* [Task requirements]: Every line from the one with "this 1600×1200 image." through the end of the records below should be restated word for word, and nothing outside that span.

(Spatial localization data)
☆ ☆ ☆ ☆
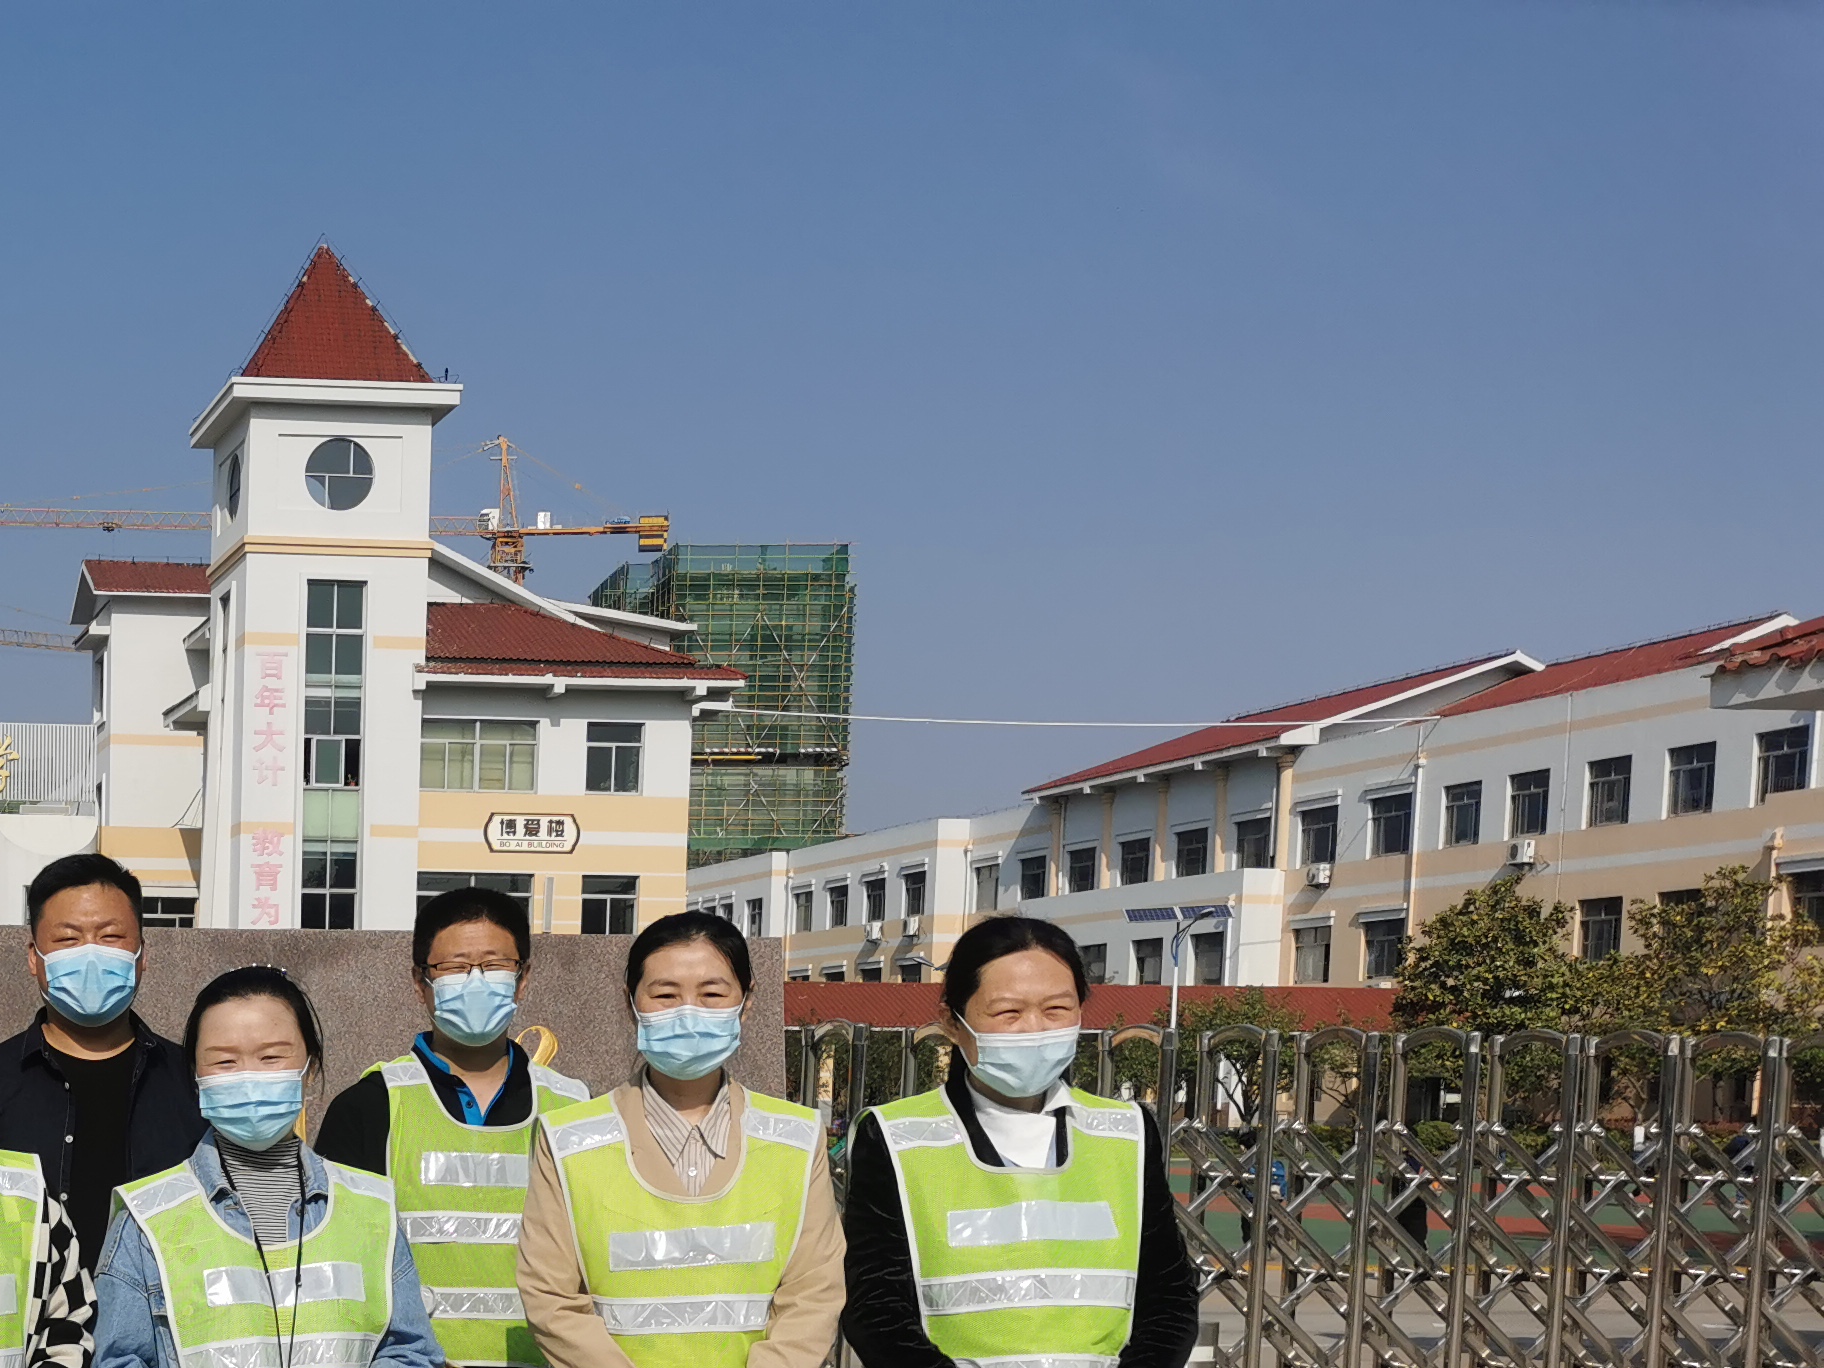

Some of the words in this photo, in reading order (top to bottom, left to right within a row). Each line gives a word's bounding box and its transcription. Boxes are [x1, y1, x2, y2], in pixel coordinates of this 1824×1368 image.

[252, 651, 289, 787] 百年大计
[499, 817, 565, 838] 博爱楼
[499, 840, 511, 848] BO
[527, 841, 565, 849] BUILDING
[250, 827, 285, 926] 教育为
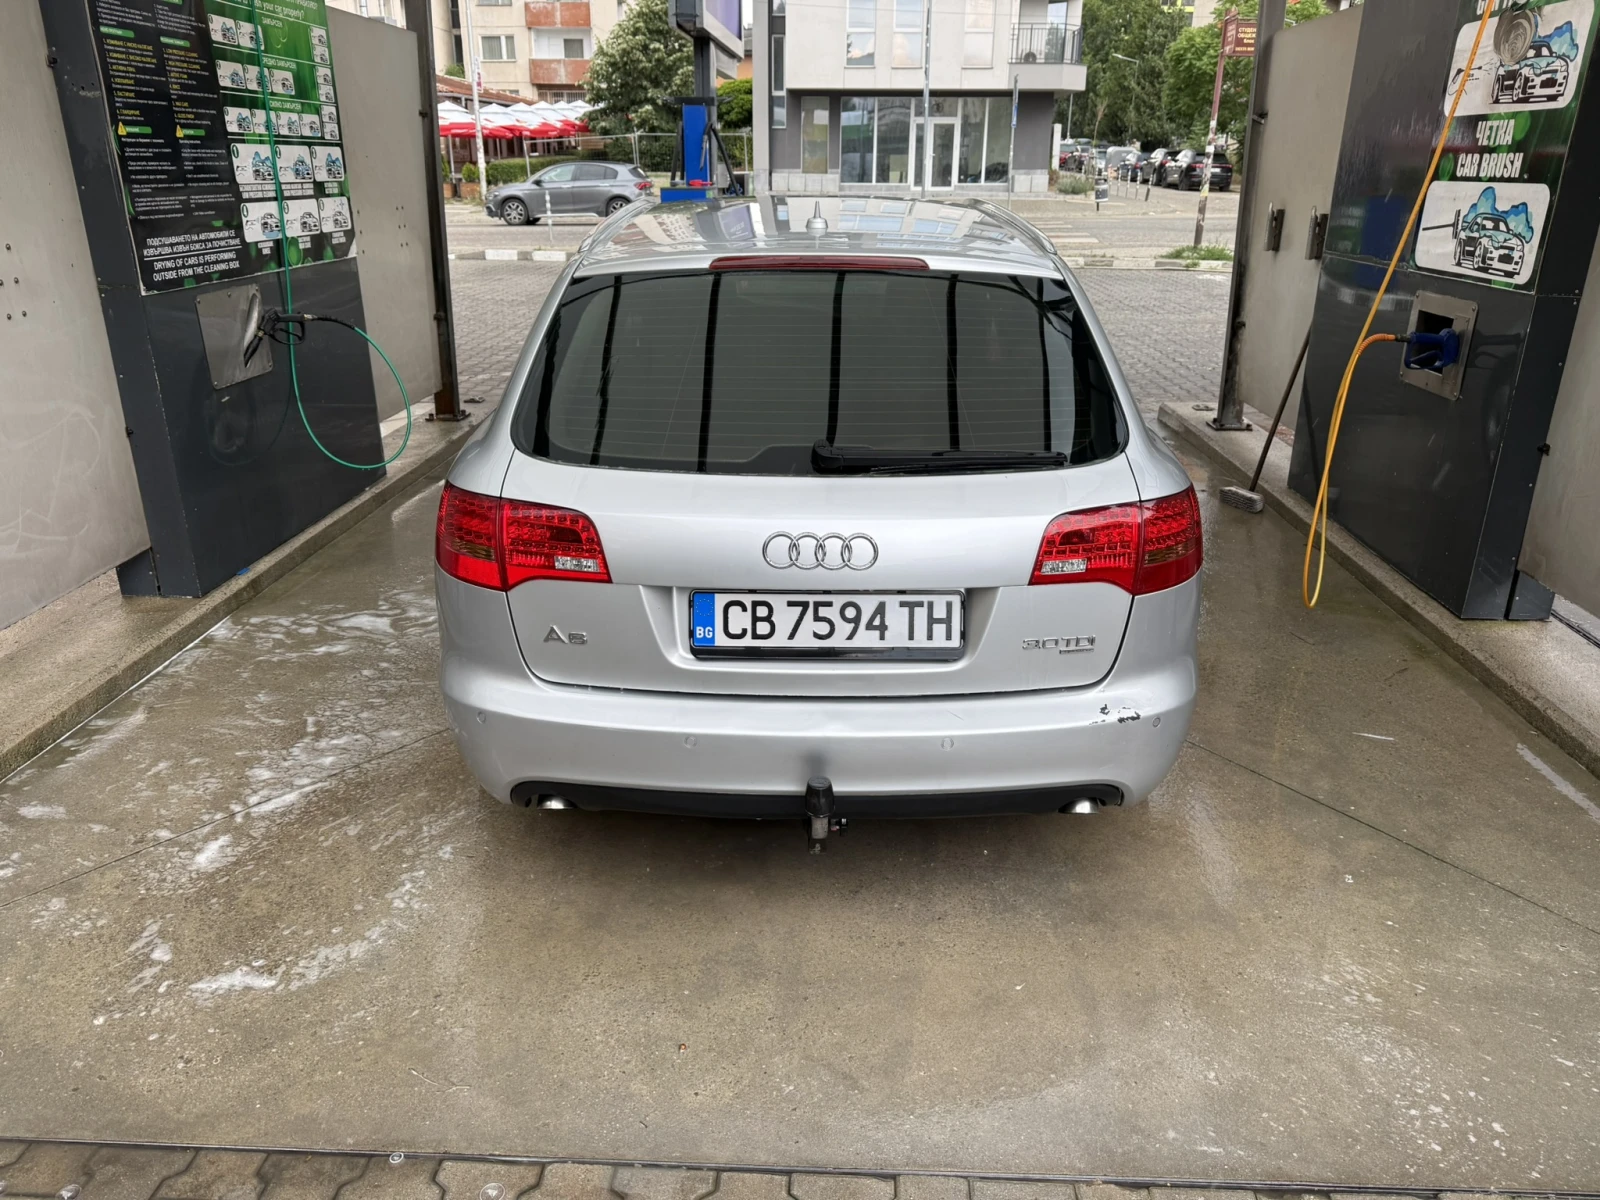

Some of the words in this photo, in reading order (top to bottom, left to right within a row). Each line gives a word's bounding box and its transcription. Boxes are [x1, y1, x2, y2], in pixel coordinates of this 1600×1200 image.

[1476, 119, 1515, 146] ЧЕТКА
[1456, 153, 1480, 177] CAR
[1479, 152, 1524, 178] BRUSH
[143, 246, 172, 256] ИЗВЪРШВА
[173, 244, 190, 253] ИЗВЪН
[190, 243, 206, 251] БОКСА
[212, 238, 241, 247] ПОЧИСТВАНЕ
[146, 234, 191, 246] ПОДСУШАВАНЕТО
[199, 231, 228, 240] АВТОМОБИЛИ
[154, 260, 175, 270] DRYING
[176, 258, 183, 267] OF
[184, 256, 198, 265] CARS
[204, 251, 236, 262] PERFORMING
[153, 270, 178, 281] OUTSIDE
[178, 268, 193, 277] FROM
[194, 267, 204, 275] THE
[204, 262, 229, 273] CLEANING
[229, 260, 240, 269] BOX
[696, 626, 713, 638] BG
[722, 600, 776, 640] CB
[786, 600, 888, 640] 7594
[899, 600, 952, 640] TH
[543, 625, 587, 644] A6
[1061, 634, 1096, 648] TDI
☆ ☆ ☆ ☆
* [Exercise output]:
Some of the words in this photo, in reading order (top to bottom, left to right within a row). Each line gives a word's bounding box and its transcription. Boxes are [x1, y1, x2, y2], in pixel coordinates of this 1600×1200 image.

[1476, 119, 1515, 146] ЧЕТКА
[1456, 153, 1480, 177] CAR
[1479, 152, 1524, 178] BRUSH
[143, 246, 172, 256] ИЗВЪРШВА
[173, 244, 190, 253] ИЗВЪН
[190, 243, 206, 251] БОКСА
[212, 238, 241, 247] ПОЧИСТВАНЕ
[146, 234, 191, 246] ПОДСУШАВАНЕТО
[199, 231, 228, 240] АВТОМОБИЛИ
[154, 260, 175, 270] DRYING
[176, 258, 183, 267] OF
[184, 256, 198, 265] CARS
[204, 251, 236, 262] PERFORMING
[153, 270, 178, 281] OUTSIDE
[178, 268, 193, 277] FROM
[194, 267, 204, 275] THE
[204, 262, 229, 273] CLEANING
[229, 260, 240, 269] BOX
[696, 626, 713, 638] BG
[722, 600, 776, 640] CB
[786, 600, 888, 640] 7594
[899, 600, 952, 640] TH
[543, 625, 587, 644] A6
[1061, 634, 1096, 648] TDI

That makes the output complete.